Stored items
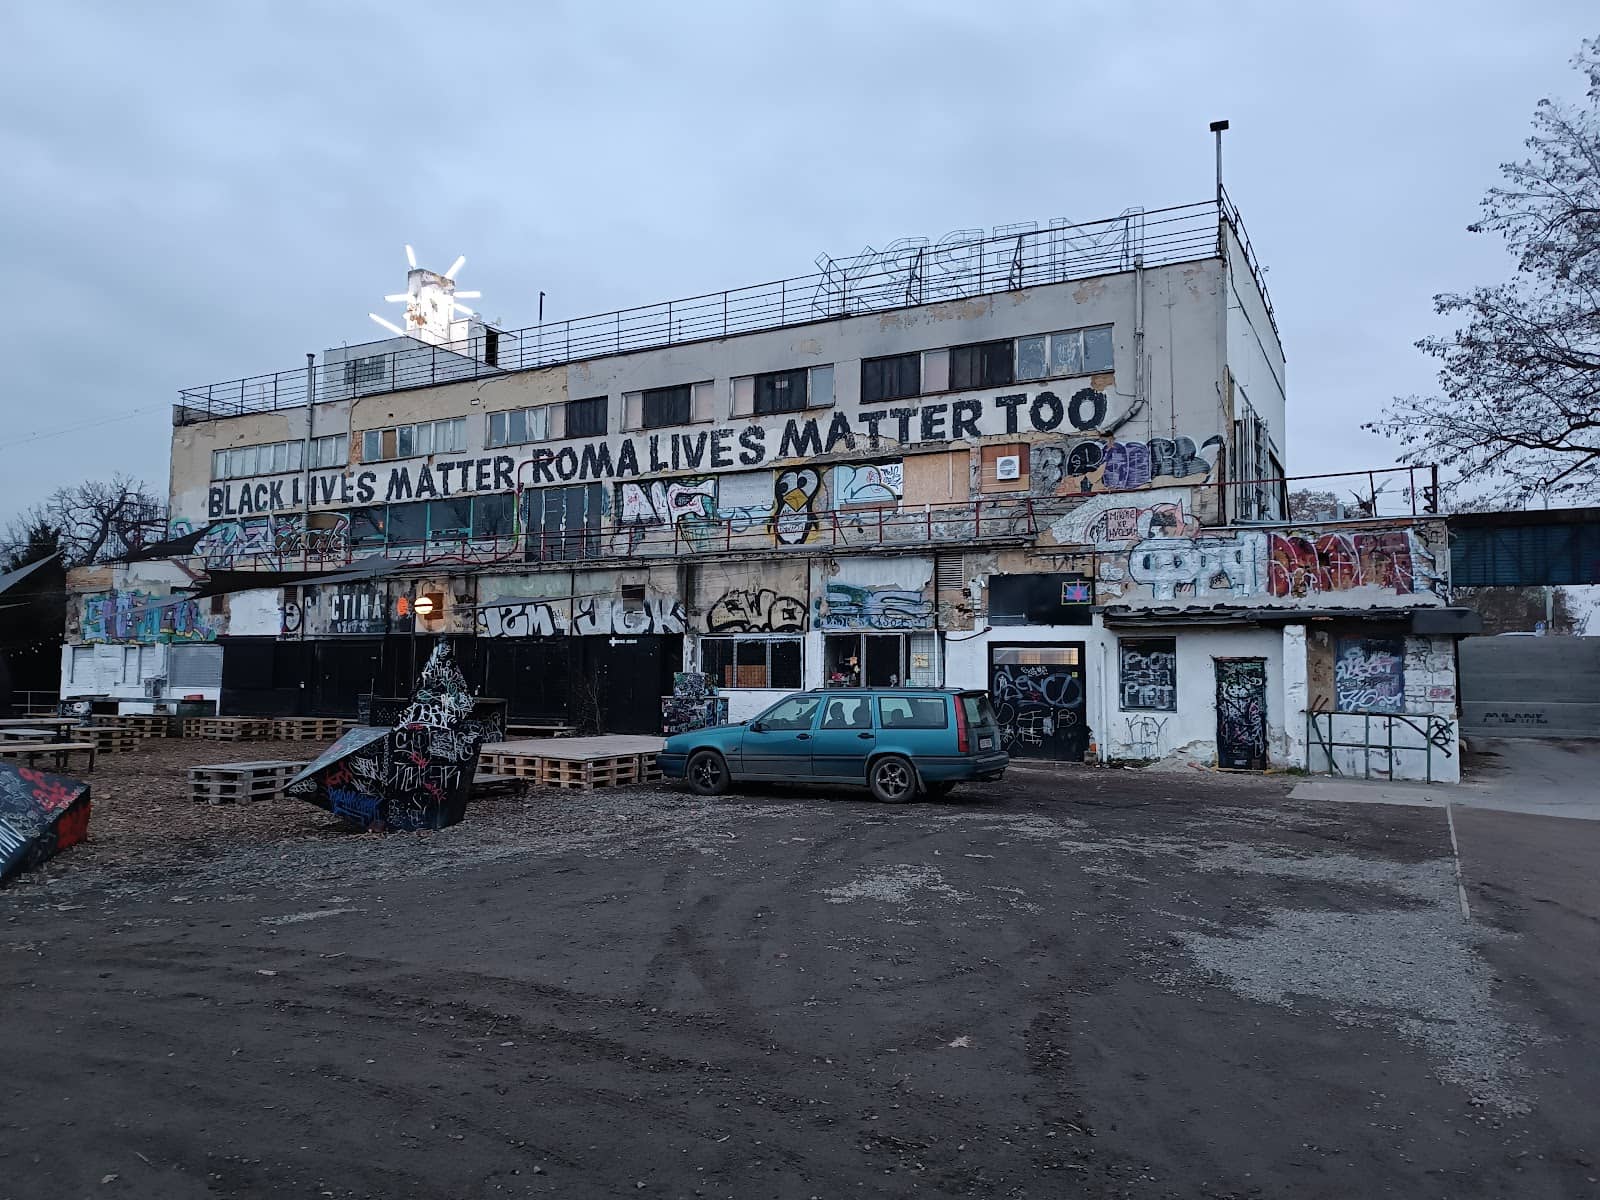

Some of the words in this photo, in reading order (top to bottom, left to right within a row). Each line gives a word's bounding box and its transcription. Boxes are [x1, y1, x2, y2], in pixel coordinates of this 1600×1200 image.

[208, 480, 284, 517] BLACK
[293, 471, 376, 506] LIVES
[386, 455, 515, 500] MATTER
[532, 439, 640, 483] ROMA
[650, 425, 765, 472] LIVES
[778, 397, 983, 457] MATTER
[996, 388, 1107, 433] TOO

What is required: Here the job is to repeat the entries verbatim while leaving all pictures out.

Completed exercise:
Some of the words in this photo, in reading order (top to bottom, left to right within a row). Each line gives a word's bounding box and its transcription. Boxes are [x1, y1, x2, y2], in pixel coordinates of this 1600×1200 image.

[208, 480, 284, 517] BLACK
[293, 471, 376, 506] LIVES
[386, 455, 515, 500] MATTER
[532, 439, 640, 483] ROMA
[650, 425, 765, 472] LIVES
[778, 397, 983, 457] MATTER
[996, 388, 1107, 433] TOO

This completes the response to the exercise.